Written by: Dr. Jacquie Jacob, University of Kentucky
Geese have been raised in Europe for centuries and were brought to the “New World” by European settlers. Geese can be raised for a number of different reasons, including to provide meat or down and feathers or to serve as weeders or guard animals. Geese are excellent foragers, and by the time they are five to six weeks old, they can get a lot of their diet from pasture. An acre of pasture will typically support 20 to 40 geese, depending on the size of the goose and the condition of the pasture.
After the brooding period, goslings can be grown to market weight either in confinement or on range. The growing of geese in confinement allows for better control of the environment, but it increases housing and feed costs. Geese raised in confinement are typically taken to market weight very quickly. Broiler-type geese can be raised to market weight in eight to nine weeks of age, at a weight of 9 lb. (4 kg). Heavy-type geese can be raised to 13 lb. (6 kg) in 12 to 14 weeks. In addition, confinement housing makes it possible to raise twice as many geese per acre. Geese raised in confinement are typically housed on deep litter, as is common for broiler chickens. However, geese can also be raised on slats or wire mesh. This allows the droppings to pass through the floor, and any water spilled from the drinkers passes through as well. This reduces the risk of parasite infection.

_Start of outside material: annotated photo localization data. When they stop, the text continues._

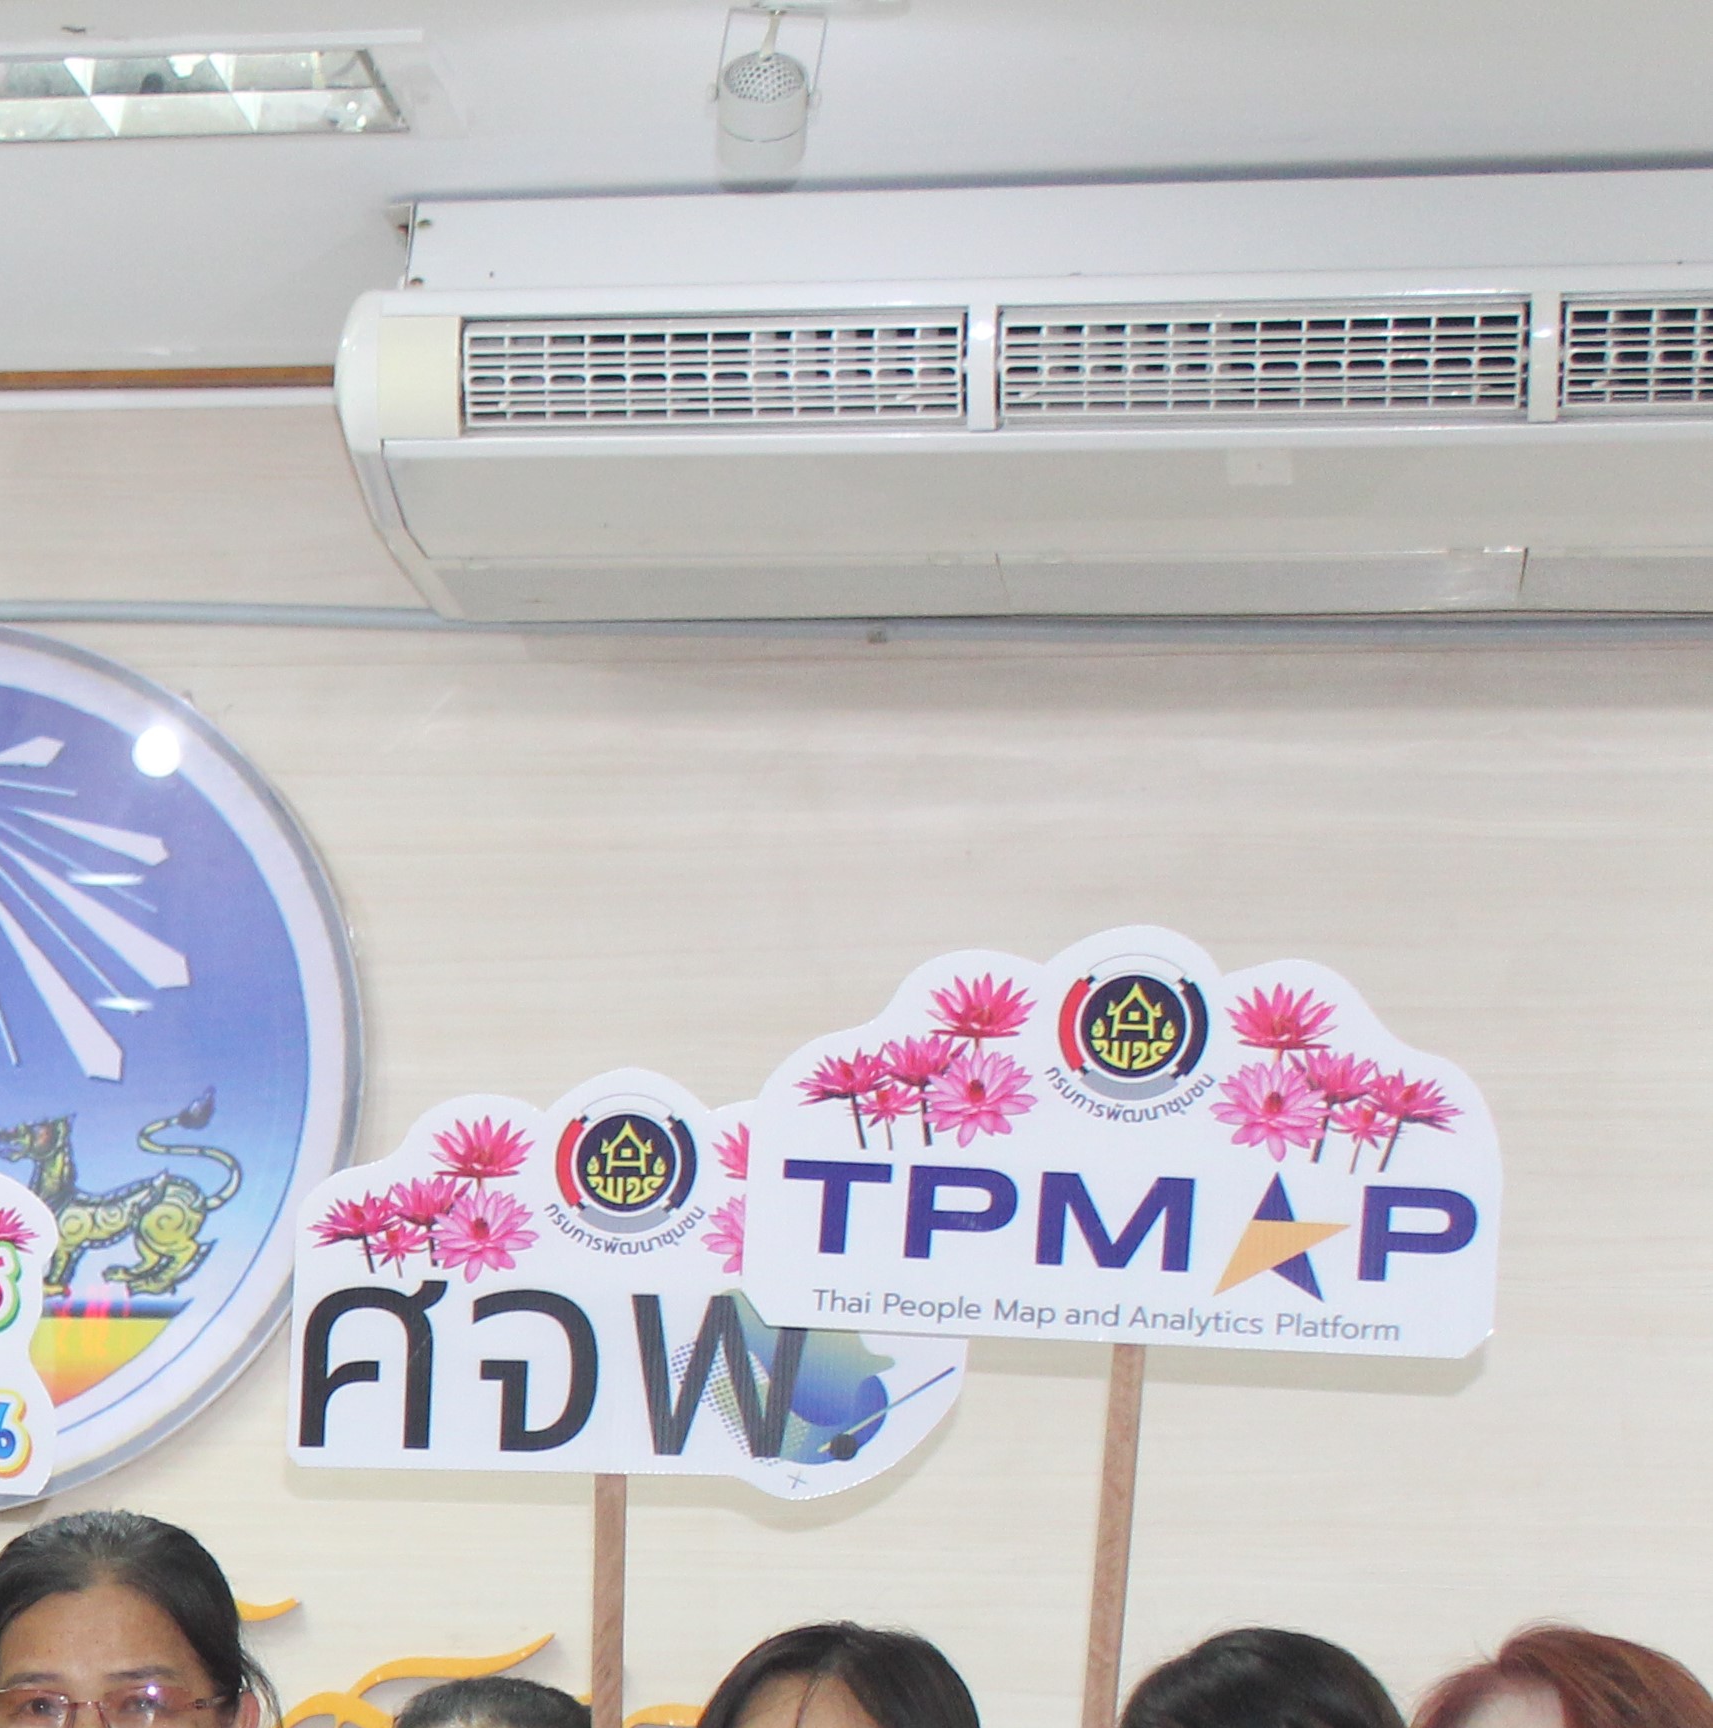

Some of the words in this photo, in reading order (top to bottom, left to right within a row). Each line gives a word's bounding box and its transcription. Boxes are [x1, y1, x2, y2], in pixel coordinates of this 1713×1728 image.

[1044, 1065, 1216, 1120] กรมการพัฒนาชุมชน
[542, 1199, 707, 1257] กรมการพัฒนาชุมชน
[783, 1157, 1480, 1304] TPMAP
[813, 1287, 873, 1318] Thai
[880, 1291, 982, 1325] People
[992, 1298, 1057, 1332] Map
[1063, 1301, 1121, 1330] and
[1129, 1304, 1264, 1338] Analytics
[1274, 1309, 1402, 1341] Platform
[296, 1279, 811, 1461] ศจพ

Geese raised on range require less intensive care than geese raised in confinement. Except in very cold locations, geese raised on range typically require only drinkers, feeders, fencing, and shelters for shade. Although geese are not able to digest grass much better than other poultry species, they do have an ability to consume large quantities. When kept on pasture, they will also consume insects, snails, worms, and so on, which can provide about 10% of their required daily protein intake. In range systems, the time to market weight depends on whether geese are going to be plucked for down and what size the market allows. Providing geese with pasture during the growing period dramatically reduces feed costs. For example, some producers have observed a 48% reduction in the amount of complete feed for geese on pasture versus those in confinement. The only difference in performance is that geese raised on pasture will reach market weight at a later age and will be leaner.
Geese are able to go long distances, if required, to consume forage. They have a very strong flocking instinct and can be easily herded from one area to another. Geese also return home as a flock on their own at the end of the day. Geese have been shown to exhibit this behavior returning from distances of up to 3 mi. (5 km).
If you are planting a pasture specifically for raising geese, almost any grass or clover species can be used. The exception is alfalfa, which geese do not appear to have a preference for. In a pasture consisting of perennial ryegrass, Timothy, and white clover, stocking densities of 60 geese per acre (150 geese per hectare) are possible. Geese like new growth, so pasture management should be practiced, including rotation and clipping.
Butchering geese is similar to the process for butchering other poultry species. The typical yield of usable meat from a butchered goose is 70% of the carcass when giblets are included, or 63% without giblets. The goose is suspended upside down, typically in a funnel that allows the head to come through. The jugular veins are cut on either side of the neck, although the head should not be cut off. After the bleeding is complete, the goose can be dry-plucked, but dry plucking is very labor extensive. Alternatively, geese can be plucked using a process and equipment similar to that used for chickens and turkeys. A carcass is first dipped in scald water to loosen the feathers. Large wing and tail feathers are removed by hand, and then the carcass is put into a plucking machine.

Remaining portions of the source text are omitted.